In a moment the man revived. He looked up at us, fearfully, and began to retch. Pogue and I dragged him around the corner of the building and I ripped the gag off and let him vomit. When he was done Pogue slapped another gag on him. I crouched down and pulled out the small locking-blade Buck knife I carry.
I opened it with a soft click. The man stirred. I pointed to the gag and held up two fingers. Terrifying the man even more, Pogue applied a second.
I bent close and said, "Is Loving here?"
A hesitation. Pogue gripped one of the man's hands and I scraped the blade across the top of a nail. Painless but persuasive; even with the gag, you could hear the terrified scream.
A yes nod.
"How many people inside, total?" I began to count.
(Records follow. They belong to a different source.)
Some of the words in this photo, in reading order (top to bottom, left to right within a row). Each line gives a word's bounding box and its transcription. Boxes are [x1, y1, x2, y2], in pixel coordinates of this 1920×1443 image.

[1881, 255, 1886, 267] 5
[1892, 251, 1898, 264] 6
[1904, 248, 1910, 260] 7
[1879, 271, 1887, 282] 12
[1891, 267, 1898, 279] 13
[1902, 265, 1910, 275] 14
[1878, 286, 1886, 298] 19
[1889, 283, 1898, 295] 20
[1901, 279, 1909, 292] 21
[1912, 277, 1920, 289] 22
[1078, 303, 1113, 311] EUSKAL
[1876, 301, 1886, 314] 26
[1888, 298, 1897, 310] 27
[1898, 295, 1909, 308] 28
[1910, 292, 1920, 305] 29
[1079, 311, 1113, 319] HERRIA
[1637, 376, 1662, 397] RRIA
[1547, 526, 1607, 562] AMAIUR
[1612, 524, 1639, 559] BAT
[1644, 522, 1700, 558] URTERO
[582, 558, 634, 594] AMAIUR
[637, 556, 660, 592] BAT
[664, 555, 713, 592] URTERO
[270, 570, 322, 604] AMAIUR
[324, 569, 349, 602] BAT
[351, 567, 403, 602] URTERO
At four, he bobbed his head up and down vigorously.
"And the man who hired Loving? We know he's on his way. When will he get here? Blink--each blink is five minutes."
I tallied them up. It came to a half hour.
"Who is he?"
A series of desperate nos. I believed he didn't know the primary's identity.
"Inside, those four . . . are they all with the girl?"
A shrug but a terrified one and I suspected he didn't know.
"Where?" I began running through various directions, at which he either nodded or shook his head. Once or twice he shrugged.
Apparently they were in the back of the facility, straight down the main corridor, though he didn't know or couldn't remember if it was upstairs or down. While just one story here at the entrance, farther inside the hill there were multiple floors, duBois had learned.
I nodded to Pogue and closed my eyes and tilted my head briefly. The man extracted a heavy-duty hypodermic syringe. The guard stirred violently, probably thinking we were going to kill him, but Pogue got the needle into a vein skillfully and a moment later he was asleep. "How long?" I whispered.
"Two hours, give or take."
I ripped the gag off, fearful that the guard might vomit again and choke to death. Pogue looked at me questioningly, as if he didn't care what happened to the man, but said nothing.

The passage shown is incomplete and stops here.